Construction is considered an ‘attractive’ career prospect by 56% of the 2,000 young people (aged 18-29) who participated in the survey.
They were asked “How attractive or unattractive do you consider a career in the construction sector?”; 24% said “very attractive” and 32% said “somewhat attractive”. Only 16% considered it unattractive or very unattractive.
However, when given a list of careers and asked which one they would like to have (asked for the top two), only 9% said “skilled trade, eg plumber, carpenter, mason, electrician”. Among the students in the sample, only 4% had any interest in a construction trade.
Students were also more likely to view construction as an unattractive career prospect compared to those who already worked. Of the 129 unemployed young people who responded to the survey, 35% considered that a career in construction is “very attractive”.
“Engineer” was among the top two most desired careers by 12% of the survey panel, putting it second only to medical and health professionals (favored by 13%). However, it is unclear whether respondents contemplated a career as a construction engineer rather than software or space travel.
Only 8% of respondents had an architect in their top two roles. Finance, social media influencer, designer, and educator scored higher than the construction trades.
Among those who dislike construction, the top reasons given were that it is dirty and manual (52%), dangerous (37%), sexist (33%) and boring (22%).
Among those who like the idea of construction, the top reasons given were that it is “an industry going through massive change” (35%), love architecture (32%), want a hands-on job (32%) and they want to “create a better physical world” (31%). 31% of construction fans also appreciated the fact that there are many paths to a well-paying, college-educated career.
Given the lack of previous data with which to compare, the results are clearly inconclusive.
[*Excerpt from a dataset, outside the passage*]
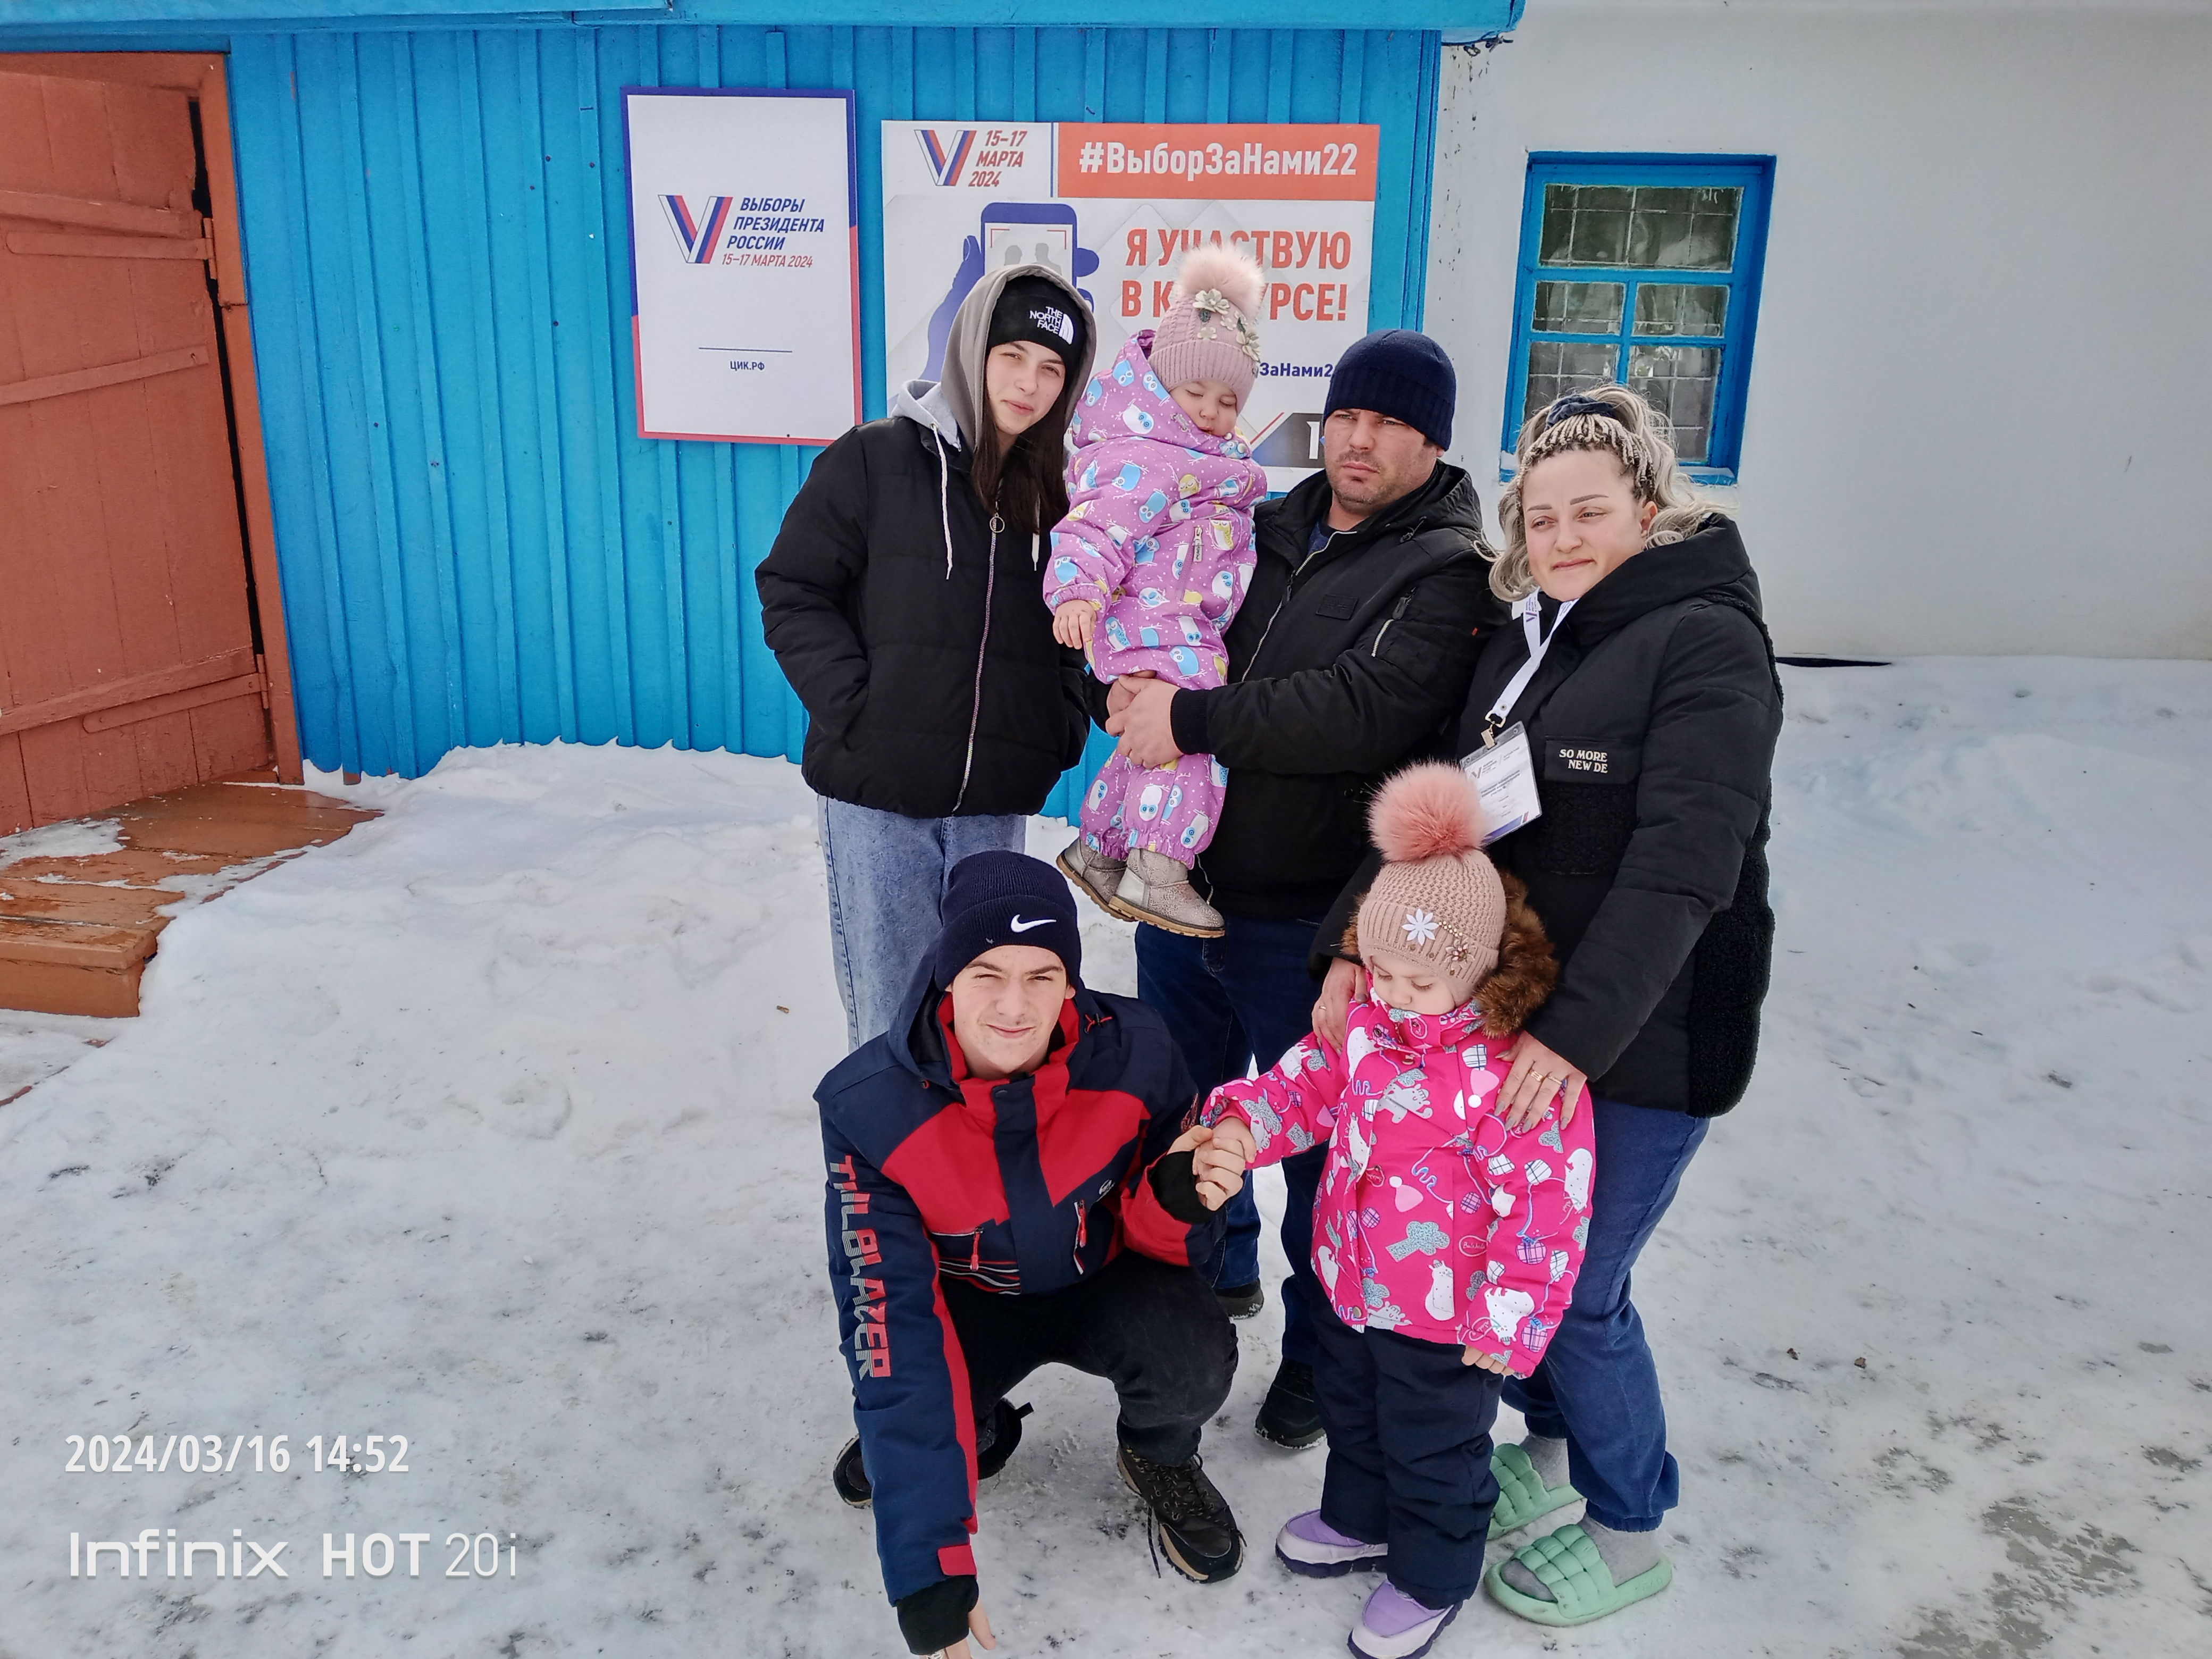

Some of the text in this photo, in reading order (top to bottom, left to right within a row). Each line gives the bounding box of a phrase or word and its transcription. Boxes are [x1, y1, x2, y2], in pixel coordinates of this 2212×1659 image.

However, the poll’s sponsor, NBS, drew its own conclusions, apparently on the basis that construction has generally struggled in the past to attract Britain’s best and brightest young talent. “The survey indicates a clear cultural shift in attitudes among younger generations, helped in part by the growing number of digital opportunities available and the extensive media attention surrounding the use of industry-leading technology in the sector, dispelling the myth that construction is a dead end. career,” he declared.
Russell Haworth, chief executive of the NBS (formerly the National Building Specification), said: “It is clear that perceptions around construction are changing. Young people now realize that it is not the boring, dangerous and dirty work that mislabeled for years by professional educators and advisers. It’s great to see such an increase in interest after a few years of lean recruiting.”